Josue Salomon looks bewildered. The 18-year-old has been deported back to El Salvador after being caught trying to make his way north to the United States.
Mr Salomon, a peasant farmer from the rural San Miguel region, cannot return home. He fled the country last month after six masked, armed gang members came to his house to demand he attend a meeting with gang leaders the next day, or die.
He reported the threat, but police said there was little they could do and advised him to run. So he left immediately and hid at his grandmother’s house in another town until the family borrowed enough money to pay a guide to take him to the US, where he planned to seek asylum. He was detained en route by Mexican immigration officials.
Now, he doesn’t know what to do. “I didn’t want to leave my village. I miss my family – but if I go back, the gang will kill me, like they’ve killed other boys who wouldn’t do what they wanted,” said Mr Salomon, clutching his Bible, inside of which he keeps the police report. “Where should I go now?”
He is among thousands of desperate people fleeing violence in El Salvador – the most dangerous country in the world outside a war zone.
A staggering 3,400 people were murdered in the first seven months of this year – the bloodiest period since El Salvador’s brutal, 12-year civil war that ended in 1992 with 80,000 people dead and one million displaced. In the first three days of August, police reported 74 fatalities – 95 per cent of crimes go unsolved. To put the stark figures in perspective, El Salvador is roughly the size of Wales with a population of five million.
The death toll is crushing, but the clandestine wave of forced migration linked to escalating violence is also causing widespread misery and the disintegration of communities. In 2014, almost 300,000 people abandoned their homes to escape threats or violence and sought refuge in another part of the country, according to the Internal Displacement Monitoring Centre. No one knows how many have left the country, but in the first half of 2015 almost 24,000 adults and children were deported back to El Salvador after being caught trying to reach the US.
Families flee fearing for their safety when they are unable to afford weekly extortion payments demanded by local gangs. Some have witnessed a murder or are accused of snitching to authorities, while others have been forcibly evicted by criminals who wanted their home. Those with money or relatives in safer areas often seek refuge within El Salvador. Others attempt the perilous journey through Mexico to the US.
“All of a sudden families are just gone leaving everything behind, but they are hard to track as they are scared and there is no recognition, monitoring or support from the state,” said Jeanne Rikkers, a gang-violence expert.
An astounding 10 per cent of the population – 500,000 to 600,000 people – are linked to gangs dedicated to extortion, drug dealing and territorial battles, the Defence Minister said recently.
But there is also growing concern about state-sponsored atrocities against suspected gang members.
The chief of police has told rank-and-file officers to shoot criminals without fear of reprisals.

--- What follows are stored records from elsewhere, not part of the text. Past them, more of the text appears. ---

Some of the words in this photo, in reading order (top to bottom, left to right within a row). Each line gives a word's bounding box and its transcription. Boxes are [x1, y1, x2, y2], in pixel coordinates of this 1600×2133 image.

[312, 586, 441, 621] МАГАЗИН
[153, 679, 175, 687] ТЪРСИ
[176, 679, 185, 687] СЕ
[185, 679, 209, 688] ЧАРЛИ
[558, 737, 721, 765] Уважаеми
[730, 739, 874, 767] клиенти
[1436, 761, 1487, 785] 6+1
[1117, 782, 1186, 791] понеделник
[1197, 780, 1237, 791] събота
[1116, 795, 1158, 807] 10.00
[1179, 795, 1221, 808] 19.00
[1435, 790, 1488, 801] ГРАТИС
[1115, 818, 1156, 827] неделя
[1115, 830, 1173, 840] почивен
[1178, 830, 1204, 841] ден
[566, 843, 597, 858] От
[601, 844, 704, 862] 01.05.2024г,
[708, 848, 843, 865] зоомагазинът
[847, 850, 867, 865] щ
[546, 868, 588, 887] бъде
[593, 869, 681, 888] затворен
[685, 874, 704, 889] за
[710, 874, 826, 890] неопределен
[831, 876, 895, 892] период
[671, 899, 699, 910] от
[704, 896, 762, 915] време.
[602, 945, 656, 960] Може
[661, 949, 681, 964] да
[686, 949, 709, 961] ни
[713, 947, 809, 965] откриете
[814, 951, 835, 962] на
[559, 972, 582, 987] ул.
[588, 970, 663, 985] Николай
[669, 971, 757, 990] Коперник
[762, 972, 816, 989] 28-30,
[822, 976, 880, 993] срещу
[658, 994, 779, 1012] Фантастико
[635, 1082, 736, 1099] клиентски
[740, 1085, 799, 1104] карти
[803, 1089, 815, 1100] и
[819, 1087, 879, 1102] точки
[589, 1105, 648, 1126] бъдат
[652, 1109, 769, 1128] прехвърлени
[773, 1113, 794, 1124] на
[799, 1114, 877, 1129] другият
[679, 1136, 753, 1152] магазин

In March alone, police killed 140 people, a third of all violent deaths that month. Police always claim victims were gang members killed in self-defence during shootouts.
But Jose Miguel Fortin Magana, director of the Institute of Forensic Medicine in El Salvador, told The Independent: “We have several recent fatalities which police claim happened in shootouts, where the victims were actually shot in the back.”

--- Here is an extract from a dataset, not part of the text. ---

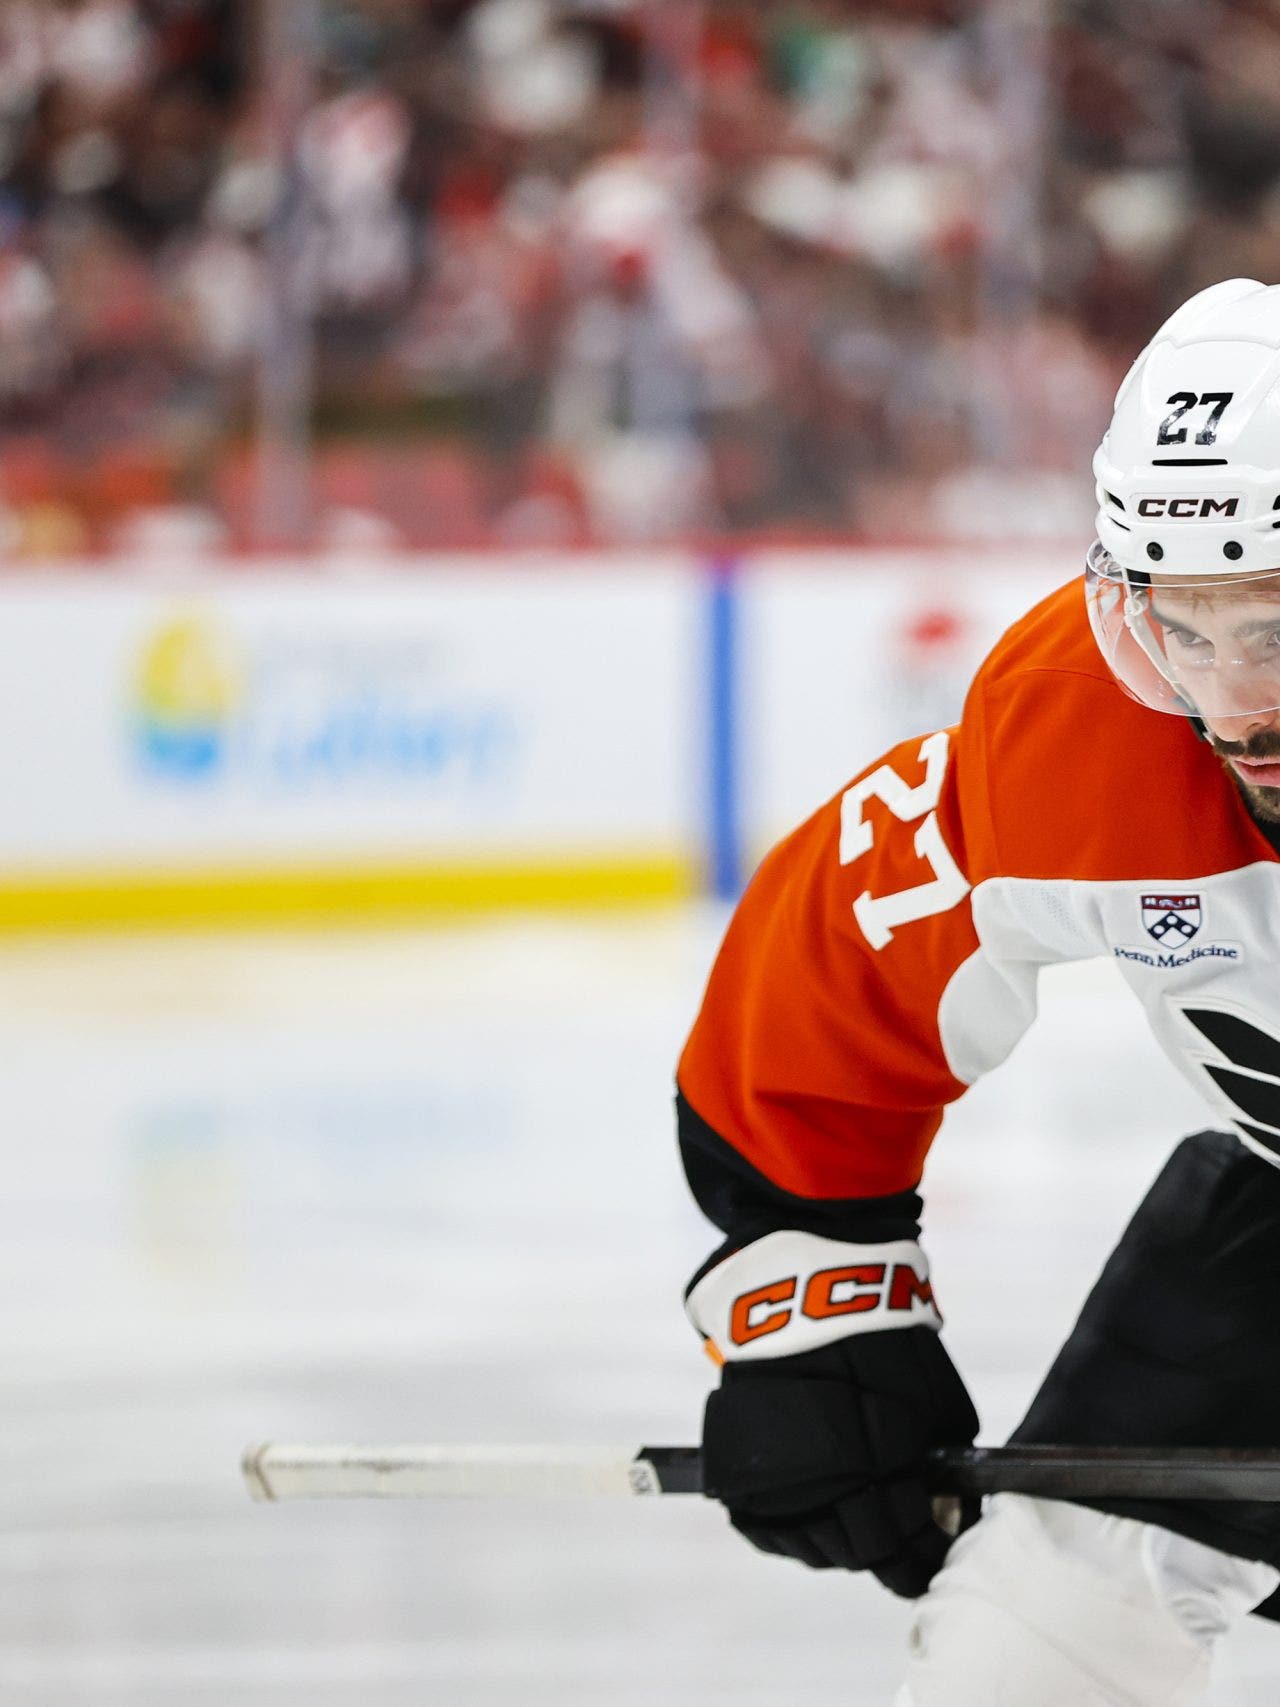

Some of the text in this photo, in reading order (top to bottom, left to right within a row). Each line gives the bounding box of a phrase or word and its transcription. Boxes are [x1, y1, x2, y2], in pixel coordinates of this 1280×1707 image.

[1156, 391, 1235, 447] 27
[1137, 497, 1240, 518] CCM
[839, 731, 972, 952] 27
[1158, 945, 1237, 968] Medicine

The police control ballistics investigations, even when officers are involved. Social worker Veronica Reyna said: “There’s a climate of fear in which people are becoming more afraid of the authorities than gangs... Extra-judicial killings aren’t investigated, and the government is openly encouraging security forces to kill gang members. If this isn’t war, what is it?”
Truckloads of masked police and soldiers armed with machine guns patrol the streets and carry out house-to-house searches. There are 6,000 troops deployed alongside around 23,000 police officers.
Fears have intensified since an explosive investigation by a respected local news website, El Faro, exposed major flaws in the police version of events during an alleged shootout at a farm in March that left eight young people dead.
Eyewitnesses testimonies and forensics point to extrajudicial killings.
Deputy Police Chief and ex-guerrilla fighter Howard Cotto said: “The gangs are opening fire against police officers with rifles and machine guns. We have to overcome them. It’s a very complicated situation. The military presence isn’t ideal and I understand people’s fears… we will never justify or tolerate torture or extrajudicial killings. That is not why we fought the war.”